### PROBLEM DESCRIPTION
Transcribe the data underneath exactly. No images belong in your version.

Stored data entries
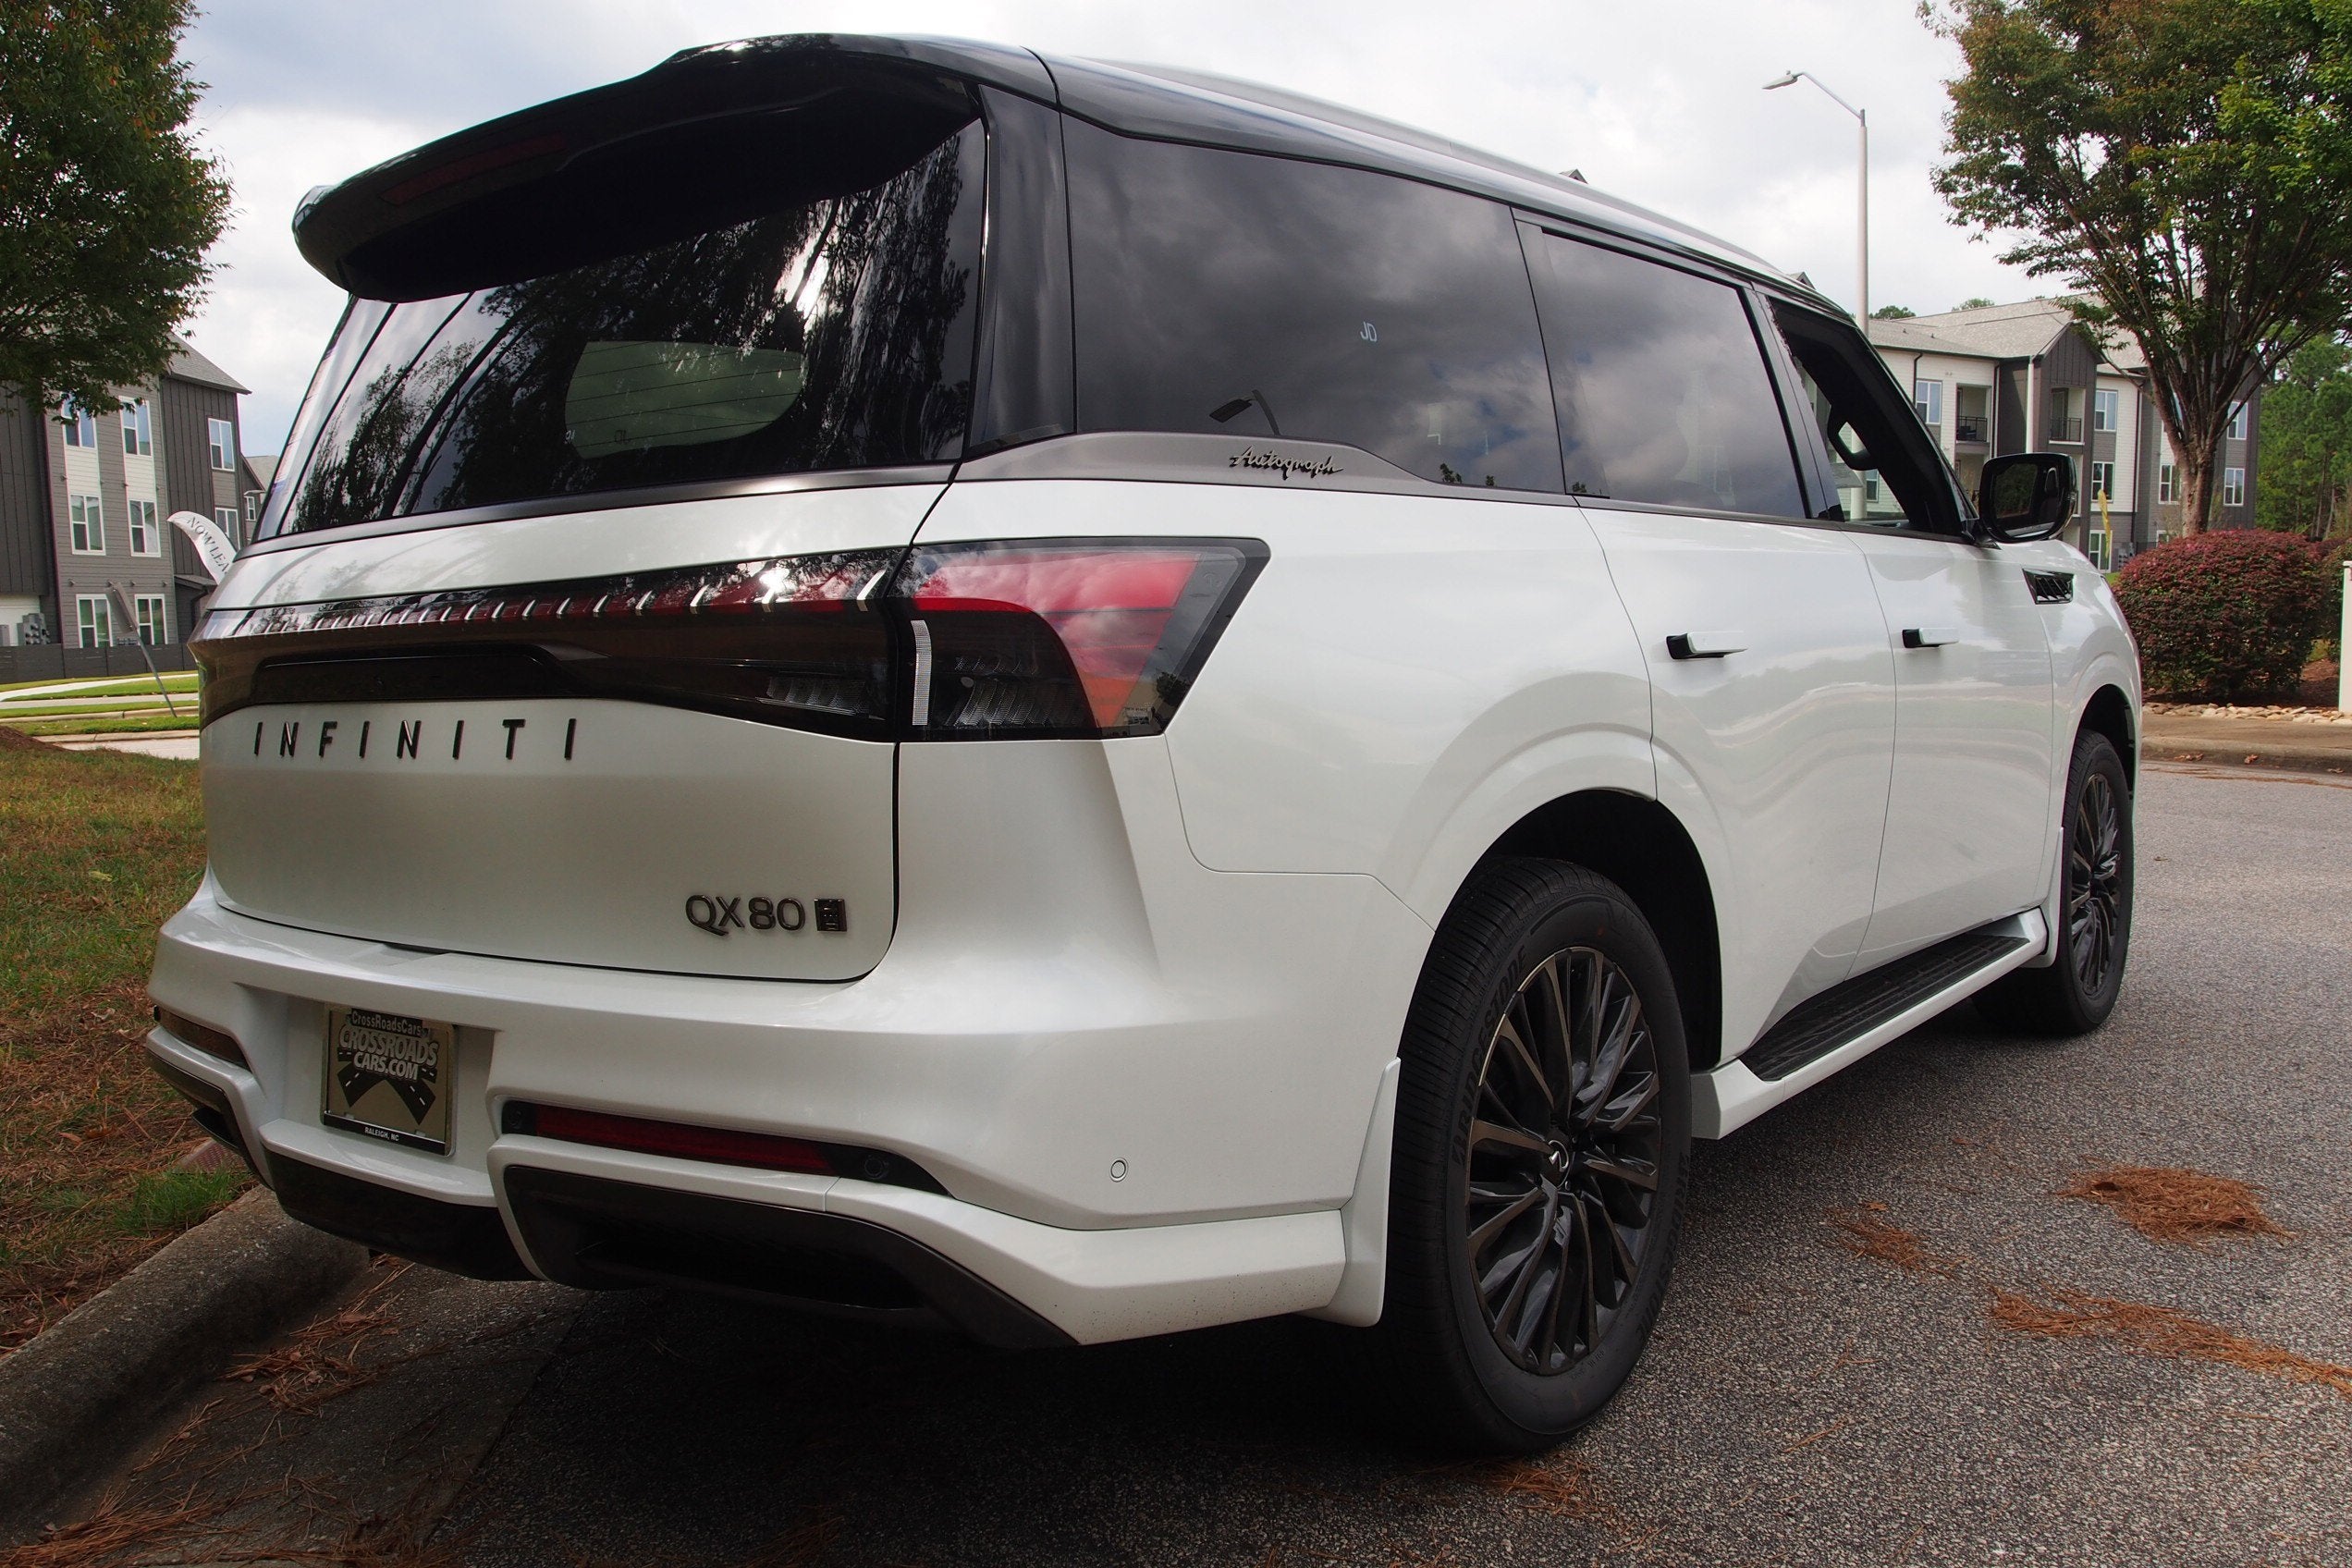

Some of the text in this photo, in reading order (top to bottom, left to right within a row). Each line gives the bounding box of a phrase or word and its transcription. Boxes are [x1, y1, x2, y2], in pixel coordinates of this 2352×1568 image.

[1230, 446, 1343, 480] Autograph
[187, 517, 229, 573] NOW LEA
[253, 717, 577, 761] INFINITI
[685, 894, 806, 937] QX80
[339, 1024, 439, 1067] CROSSROADS
[353, 1051, 420, 1081] CARS.COM
[1452, 944, 1526, 1166] BRIDGESTONE
[364, 1126, 399, 1142] RALEIGH, NC
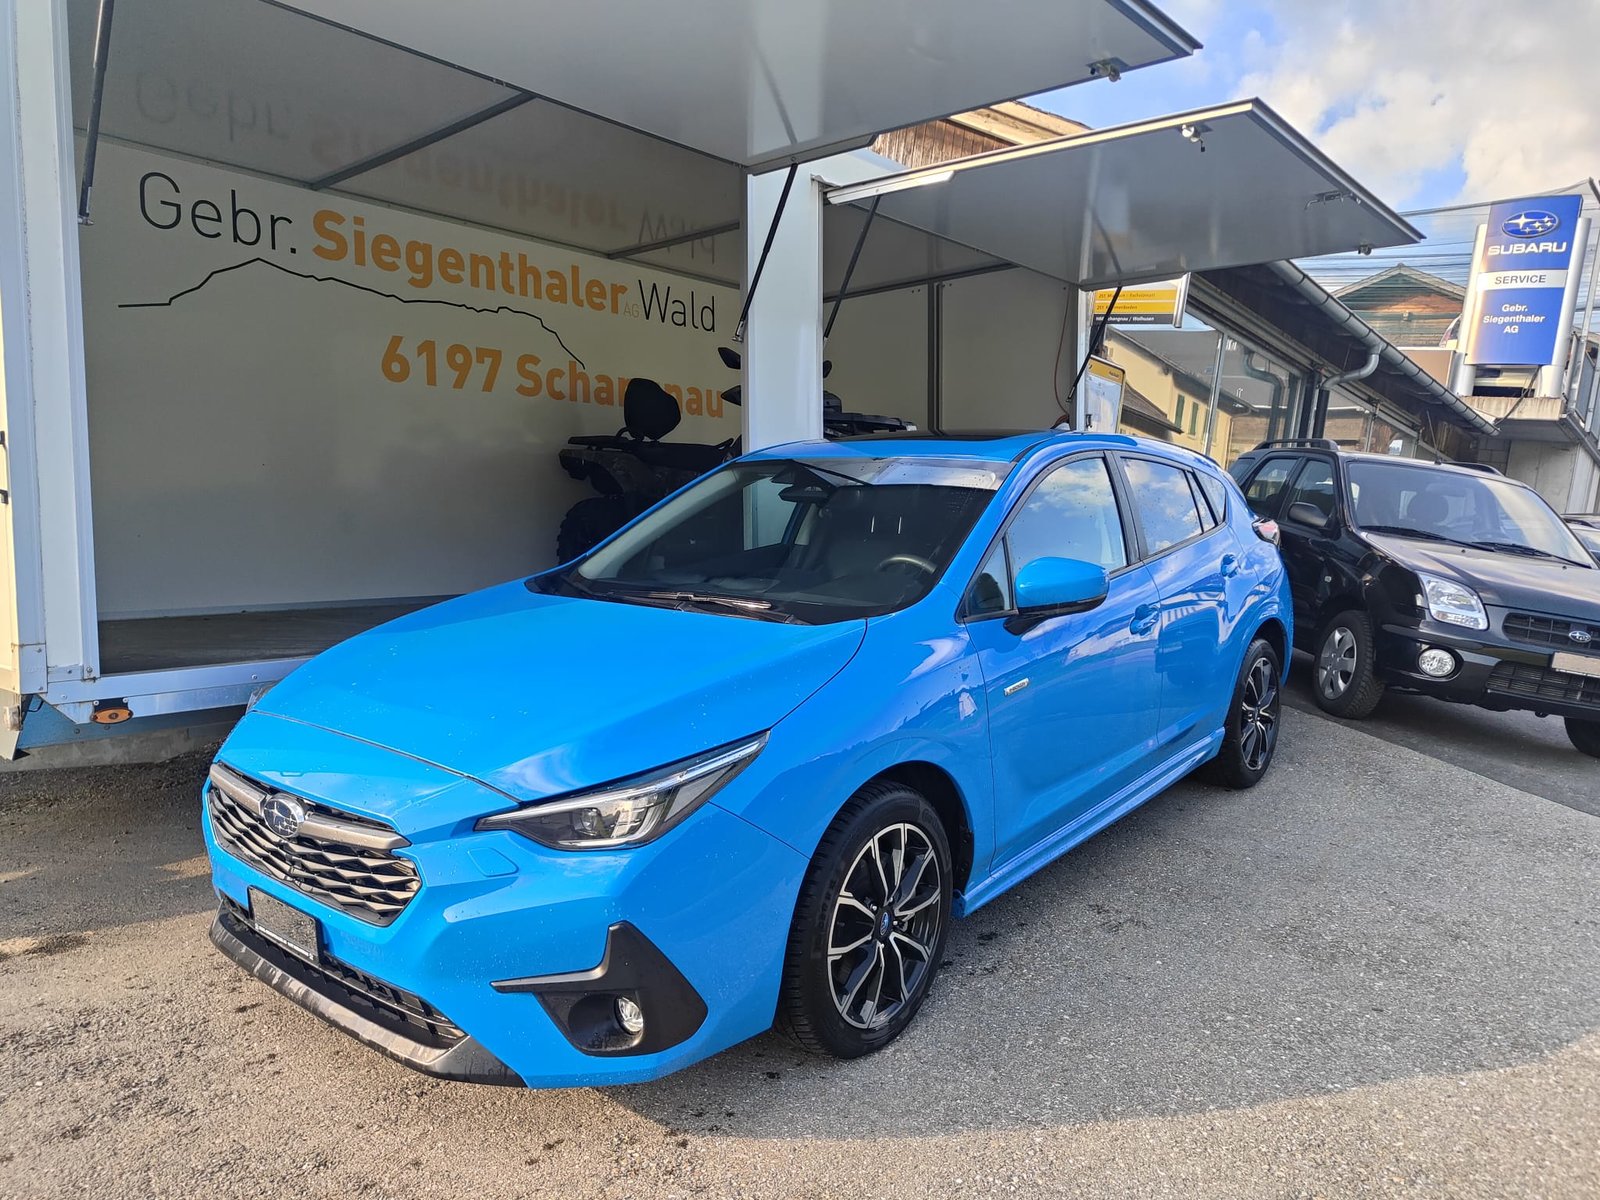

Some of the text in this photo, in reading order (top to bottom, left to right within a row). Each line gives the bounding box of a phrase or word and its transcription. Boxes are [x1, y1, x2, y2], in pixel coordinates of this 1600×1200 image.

[139, 171, 716, 332] Gebr. Siegenthaler AG Wald
[1487, 241, 1567, 256] SUBARU
[1494, 274, 1547, 285] SERVICE
[1501, 303, 1528, 313] Gebr.
[1483, 314, 1546, 326] Siegenthaler
[1503, 325, 1519, 334] AG
[381, 335, 502, 393] 6197

### EXPECTED ANSWER
Some of the text in this photo, in reading order (top to bottom, left to right within a row). Each line gives the bounding box of a phrase or word and its transcription. Boxes are [x1, y1, x2, y2], in pixel coordinates of this 2352×1568 image.

[1230, 446, 1343, 480] Autograph
[187, 517, 229, 573] NOW LEA
[253, 717, 577, 761] INFINITI
[685, 894, 806, 937] QX80
[339, 1024, 439, 1067] CROSSROADS
[353, 1051, 420, 1081] CARS.COM
[1452, 944, 1526, 1166] BRIDGESTONE
[364, 1126, 399, 1142] RALEIGH, NC

Some of the text in this photo, in reading order (top to bottom, left to right within a row). Each line gives the bounding box of a phrase or word and its transcription. Boxes are [x1, y1, x2, y2], in pixel coordinates of this 1600×1200 image.

[139, 171, 716, 332] Gebr. Siegenthaler AG Wald
[1487, 241, 1567, 256] SUBARU
[1494, 274, 1547, 285] SERVICE
[1501, 303, 1528, 313] Gebr.
[1483, 314, 1546, 326] Siegenthaler
[1503, 325, 1519, 334] AG
[381, 335, 502, 393] 6197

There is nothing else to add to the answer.